* PROBLEM DETAILS:
Print the data below verbatim, minus images.

* STORED DATA:
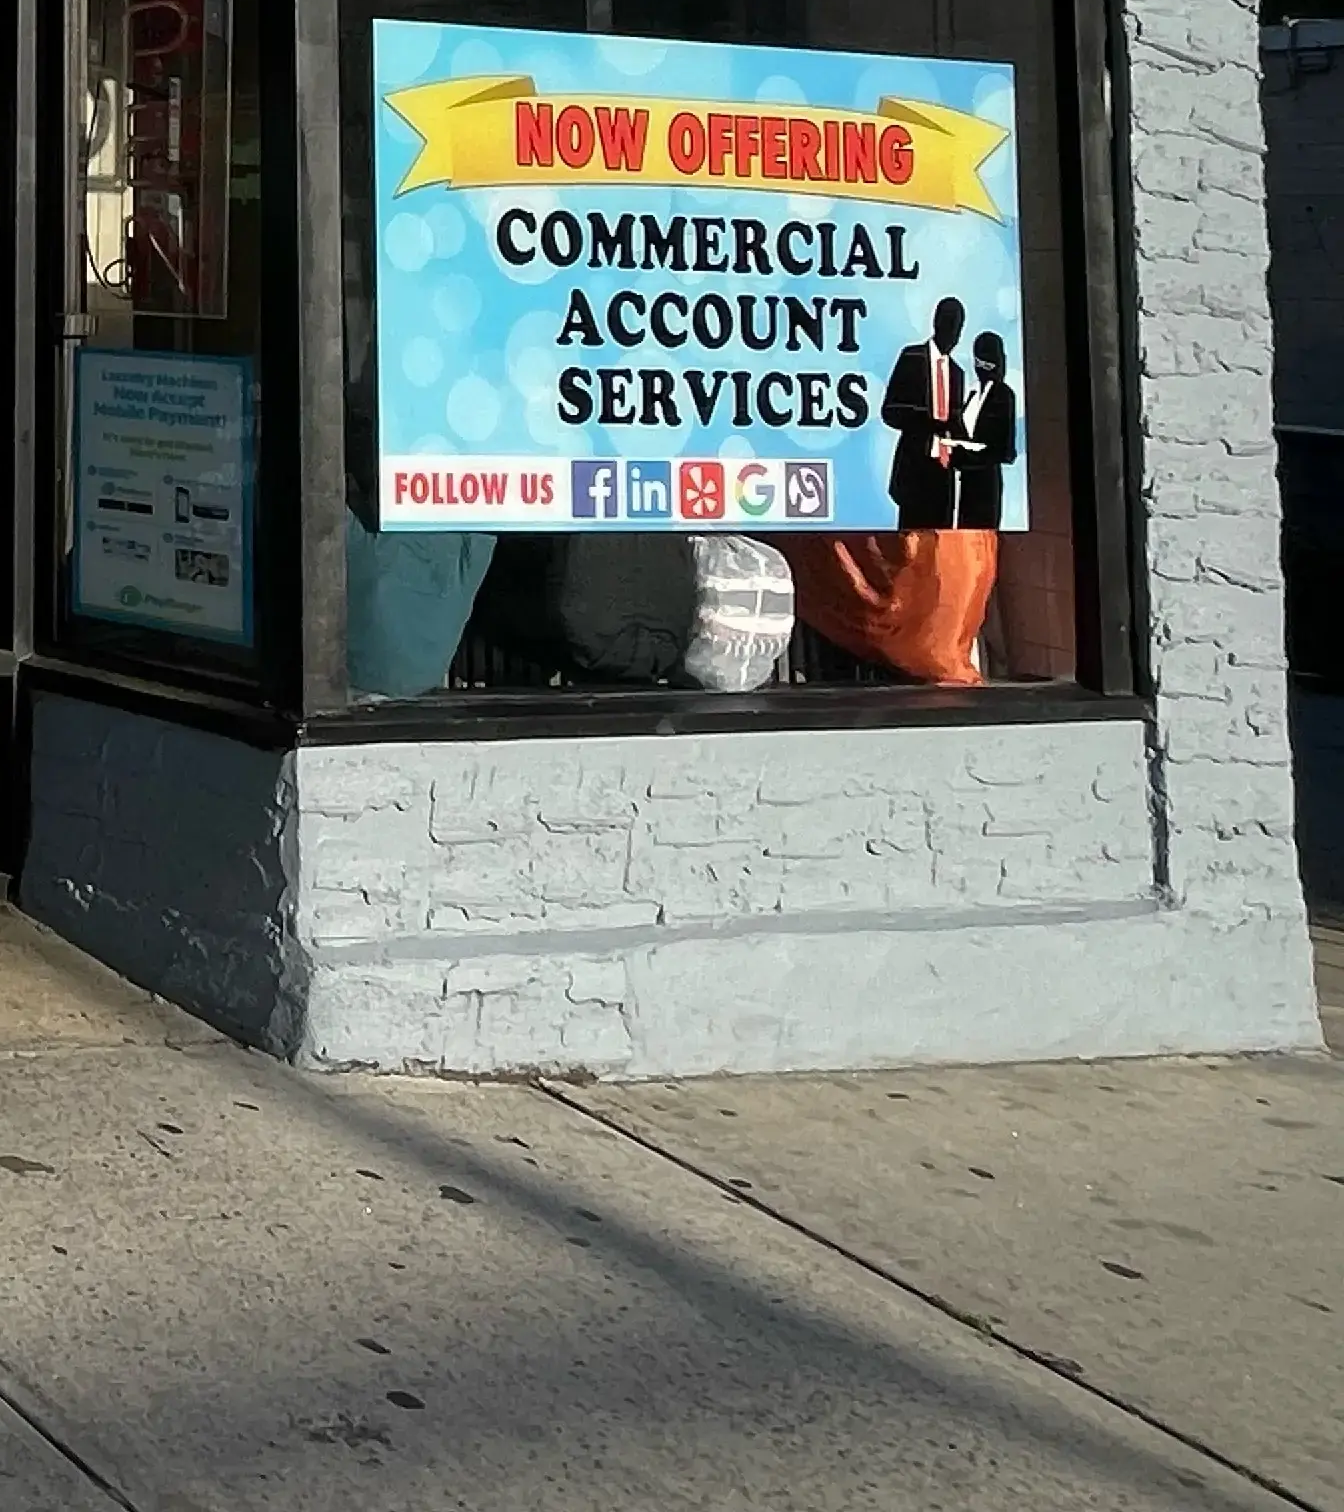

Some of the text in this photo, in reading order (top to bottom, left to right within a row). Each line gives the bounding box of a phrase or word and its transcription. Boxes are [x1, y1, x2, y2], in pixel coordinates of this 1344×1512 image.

[513, 101, 916, 186] NOW OFFERING
[495, 207, 920, 281] COMMERCIAL
[556, 288, 868, 353] ACCOUNT
[557, 366, 870, 429] SERVICES
[394, 472, 509, 504] FOLLOW
[520, 473, 554, 504] US

* OUTPUT OF THE TASK:
Some of the text in this photo, in reading order (top to bottom, left to right within a row). Each line gives the bounding box of a phrase or word and its transcription. Boxes are [x1, y1, x2, y2], in pixel coordinates of this 1344×1512 image.

[513, 101, 916, 186] NOW OFFERING
[495, 207, 920, 281] COMMERCIAL
[556, 288, 868, 353] ACCOUNT
[557, 366, 870, 429] SERVICES
[394, 472, 509, 504] FOLLOW
[520, 473, 554, 504] US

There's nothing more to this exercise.